How and Why the No Flour, No Sugar Diet Works

To see how eliminating flour and sugar from your diet can dramatically reduce the number of calories you consume, let’s compare the caloric content of two breakfasts -- one with flour and sugar and one without. If you normally start your day with a bagel (about 250 calories) spread with a pat of butter (50 calories) and a tablespoon of strawberry jam (50 calories), and coffee with two teaspoons of sugar (30 calories), you’re eating about 380 calories. Simply switching to old-fashioned oatmeal (100 calories) with one cup of skim milk (90 calories), a medium apple (80 calories), and coffee with artificial sweetener (0 calories), will save you 110 calories. You will also have reduced your fat intake from 7.5 grams to 2 grams, increased your fiber from 1 gram to 7 grams, and added 400 milligrams of calcium. And that’s just breakfast.
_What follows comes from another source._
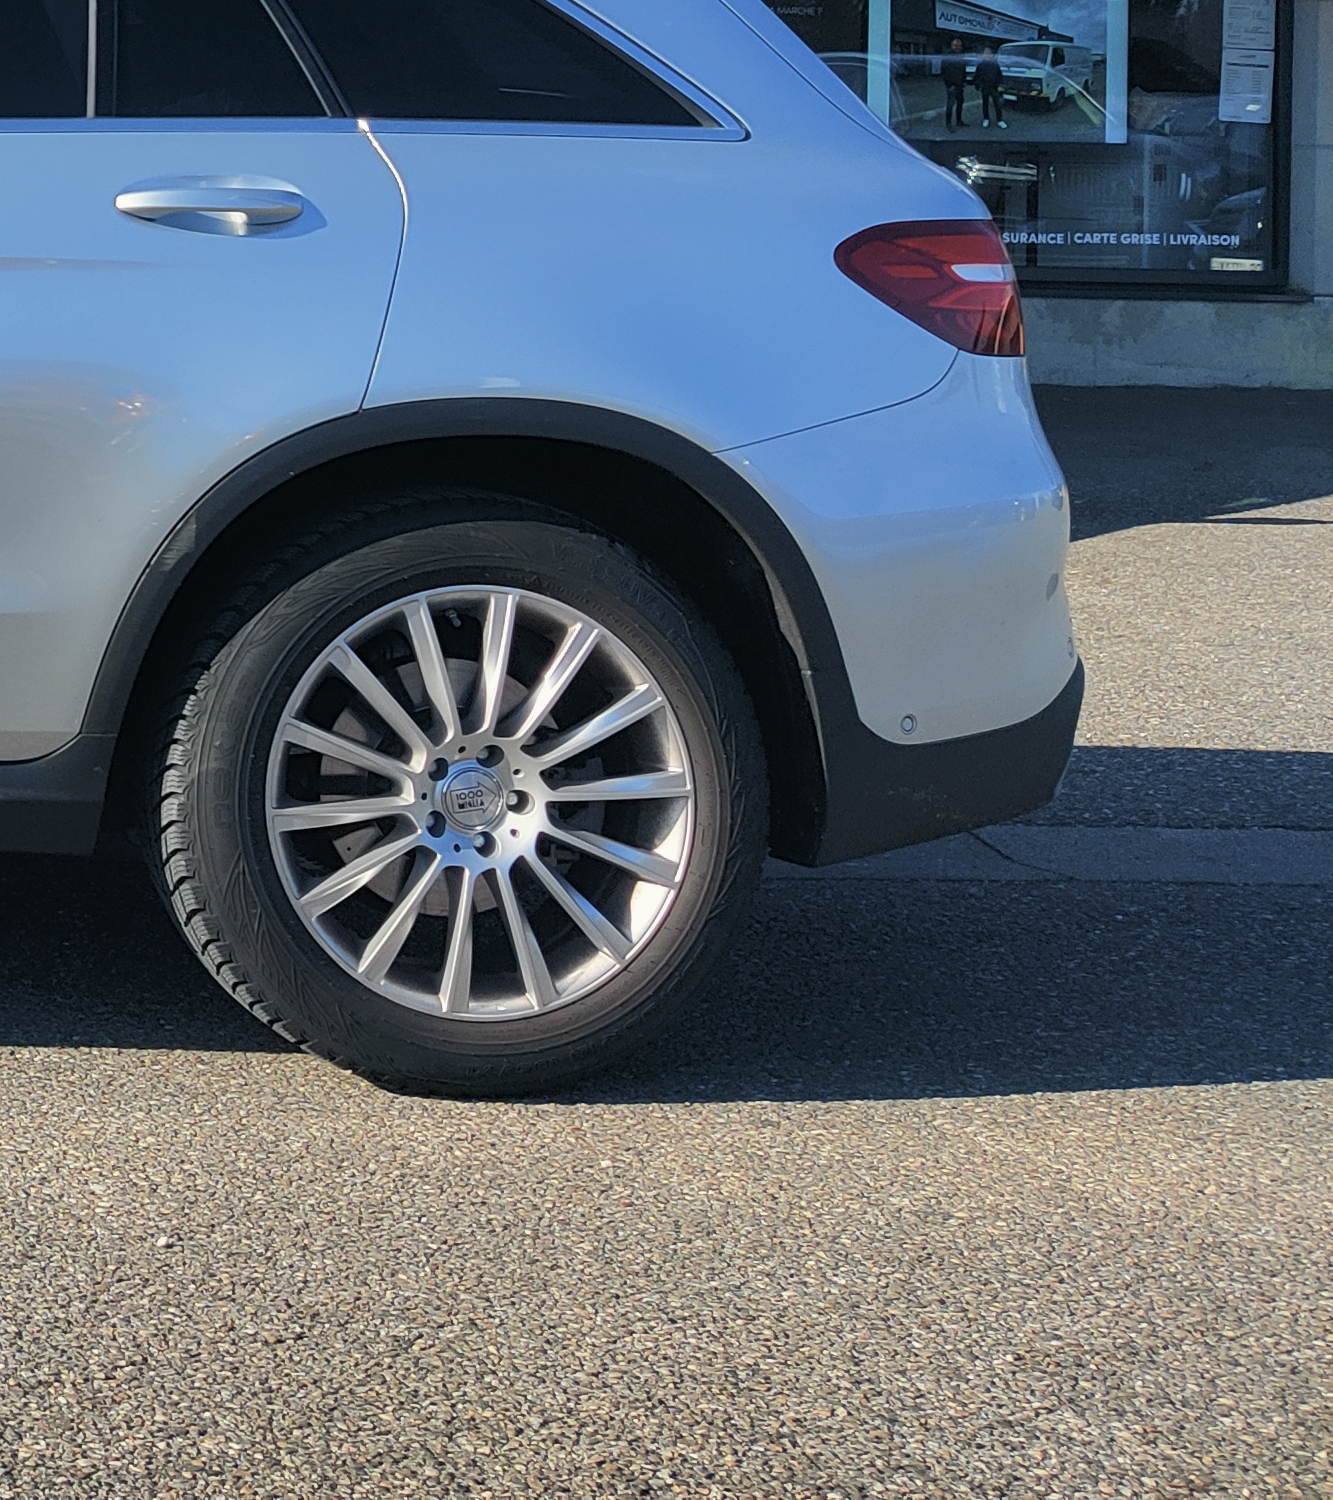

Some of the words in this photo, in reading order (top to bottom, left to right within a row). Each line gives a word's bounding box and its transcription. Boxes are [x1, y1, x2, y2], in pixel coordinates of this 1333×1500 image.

[1073, 232, 1118, 245] CARTE
[1120, 233, 1160, 246] GRISE
[1169, 234, 1240, 247] LIVRAISON
As the above comparison clearly shows, eliminating flour and sugar from your diet is a simple way to rid your meals of many unnecessary calories. As an added bonus, you may find you’ll automatically reduce the amount of fat you eat. Without bread and jelly, for instance, what fun is high-fat peanut butter? No flour means no cheesy pizza, no pasta in cream sauce, and no buttery cookies. Eliminating sugar means no more fat-laden ice cream or cake with buttercream frosting.

One pound of fat is equivalent to 3,500 calories. In order to lose one pound in a week, you need to consume 500 fewer calories a day or burn 500 more a day -- or in a perfect world, a little of each. If you could make dietary changes such as those mentioned in the breakfast example above, cutting 110 calories from every meal you eat, you’d easily be more than half way there.

Avoid products containing any kind of flour, including wheat, rice, and corn flours, or refined or concentrated sugars (cane sugar, beet sugar, glucose, sucrose, high fructose corn syrup, maple syrup, honey, molasses, etc.). Whole grains and starchy vegetables, such as wheat berries, barley, brown rice, corn, and potatoes can add bulk to your meals. Satisfy your sweet tooth with fruit and products sweetened with fruit -- as long as they don’t contain added sugar. You can also enjoy sugar-free soda, chewing gum, and even many of the light ice creams now available that are sweetened with Splenda or other artificial sweeteners. Snack on raw vegetables and fresh fruit -- excellent low-calorie sources of important nutrients and fiber.

Cutting the unnecessary, or “empty,” calories of flour-based, sugary foods from your diet is a simple and relatively painless way to move toward your goal. Add an extra half hour of physical activity a day -- a brisk walk, a game of tennis, or a spin on the treadmill -- and you can expect easily to lose a pound a week until you reach your desired weight.